Perry may plead guilty in exchange for a 35-year prison sentence, with eligibility for parole in eight years and nine months. In his confession, he talked about feeling suicidal after he was laid off from his job as a computer analyst in 1989. Perry said he was left "an emotional cripple, severely depressed and possessing little self-worth. Here I was nearly 50 years of age, back taxes owed to the IRS, a son at a college that I really couldn't afford..."

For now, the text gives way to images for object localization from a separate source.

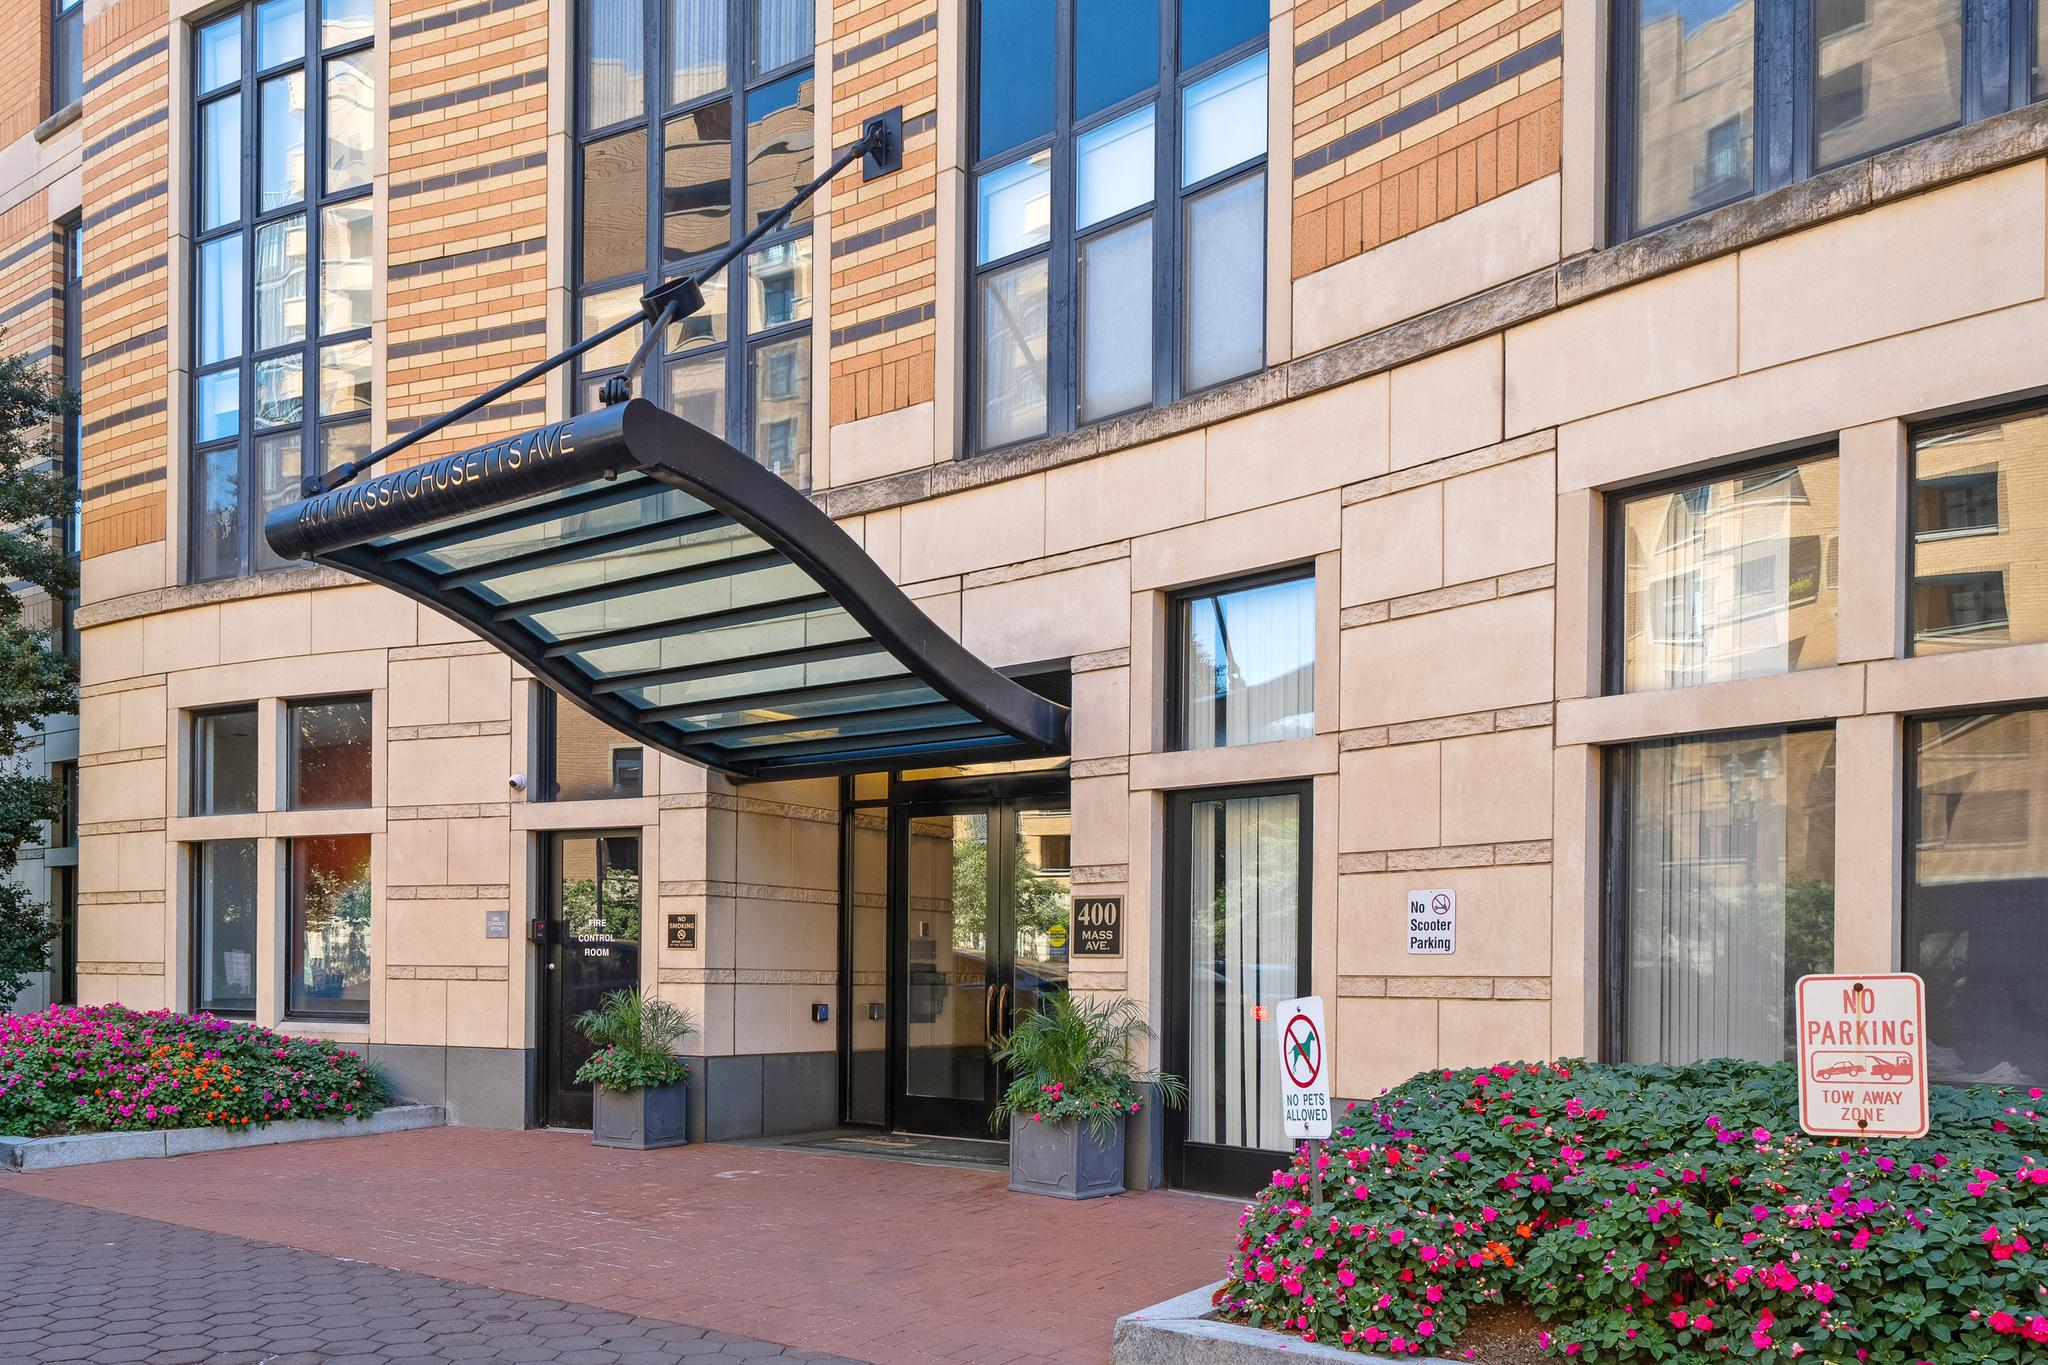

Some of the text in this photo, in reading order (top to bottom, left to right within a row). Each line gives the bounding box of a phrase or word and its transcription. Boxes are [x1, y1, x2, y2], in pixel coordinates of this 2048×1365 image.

[299, 421, 575, 528] 400 MASSACHUSETTS AVE
[1078, 903, 1116, 925] 400
[1410, 901, 1425, 914] No
[588, 918, 607, 927] FIRE
[1410, 919, 1452, 931] Scooter
[578, 934, 616, 942] CONTROL
[1082, 931, 1113, 940] MASS
[1085, 941, 1110, 950] AVE.
[1410, 937, 1451, 952] Parking
[584, 948, 610, 957] ROOM
[1843, 988, 1875, 1014] NO
[1808, 1020, 1914, 1046] PARKING
[1286, 1093, 1325, 1106] NO PETS
[1822, 1090, 1903, 1105] TOW AWAY
[1286, 1109, 1328, 1121] ALLOWED
[1841, 1107, 1886, 1122] ZONE

So he took a gun, which he insists was broken, and started holding up people. Police reports portrayed the bandit as unfailingly courteous, even promising to pay back his victims. Perry kept their business cards, meticulously noting the times, amounts and locations of his heists. "Most netted him $20 to $30," says his lawyer Rick Brass. "I think his biggest take was $1,022." Family and friends, even his wife of 26 years, Judy, a bank secretary, never suspected how Perry spent his nights. He told her he had found a night-shift job and would be unreachable by phone.

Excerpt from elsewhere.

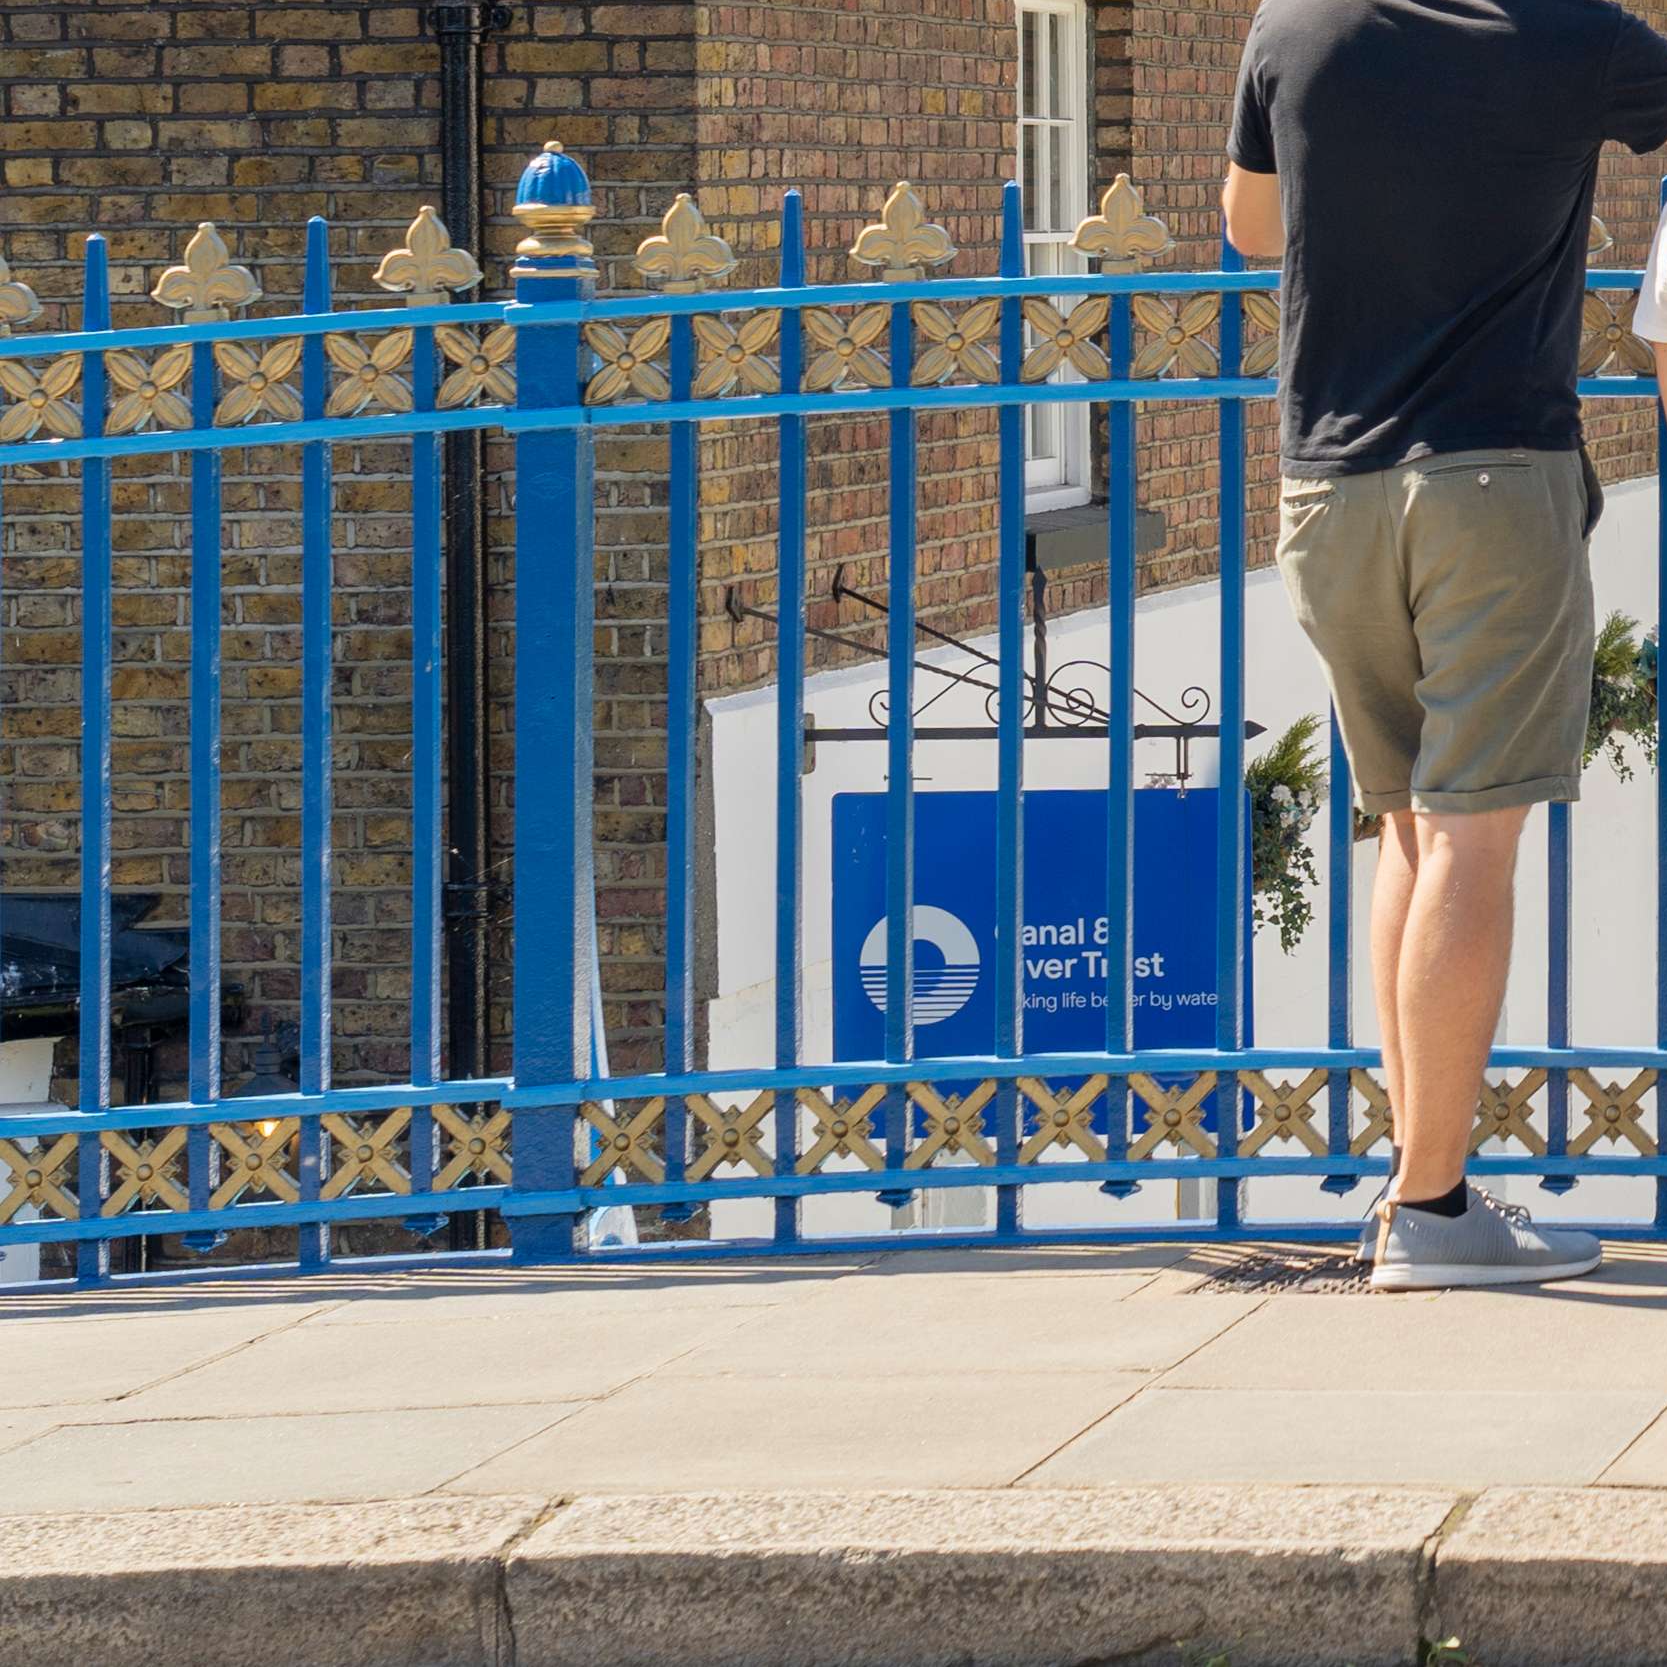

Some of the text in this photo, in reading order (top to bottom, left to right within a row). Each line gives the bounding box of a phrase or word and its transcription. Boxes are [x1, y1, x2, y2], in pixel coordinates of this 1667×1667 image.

[995, 917, 1108, 946] anal &
[1025, 951, 1165, 979] ver Trst
[1023, 990, 1218, 1013] king life beer by wate

As it turns out, the bandit's spree may not have been entirely gentlemanly. Police now report that, in 1989, Perry told a 31-year-old woman to remove her clothes—apparently to keep her from following him—and then fondled her. If that turns out to be true, the nickname Gentleman Bandit can be retired.

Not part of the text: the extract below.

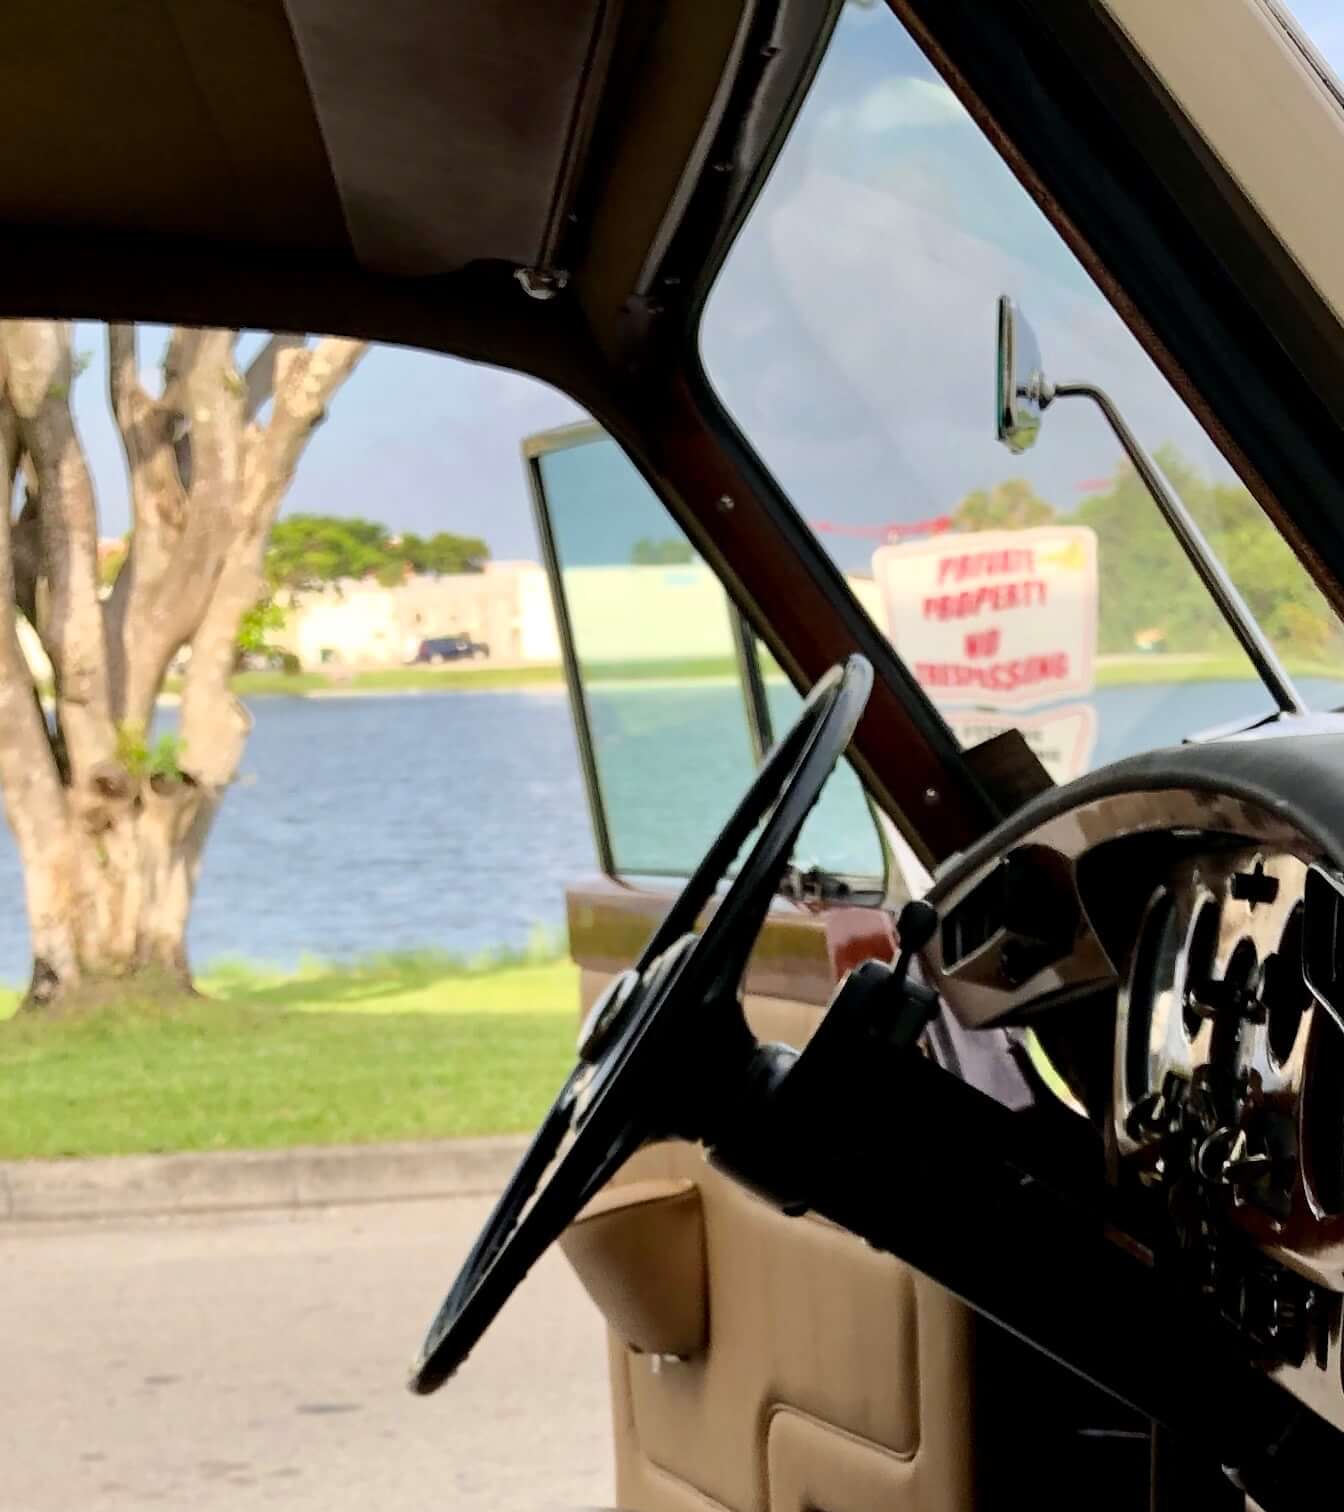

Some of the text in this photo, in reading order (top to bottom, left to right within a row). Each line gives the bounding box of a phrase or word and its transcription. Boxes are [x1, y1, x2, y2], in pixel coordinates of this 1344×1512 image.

LON PERRY'S ONE-MAN CRIME WAVE ended as it had begun, quietly. Late last month the 49-year-old Houston native turned himself in. giving police a nine-hour confession of his life as the notorious "Gentleman Bandit." In two years, he robbed 98 people, mostly male businessmen, at hotels and motels in Texas and Louisiana. Then, last June, police arrested Michael Harvey, 44, a traveling salesman from Cibolo, Texas, and accused him of being the Gentleman Bandit. Perry's conscience started gnawing at him. Robbery was one thing, said the soft-spoken, churchgoing grandfather, but "under no circumstances would I let Mr. Harvey go to prison for something I did."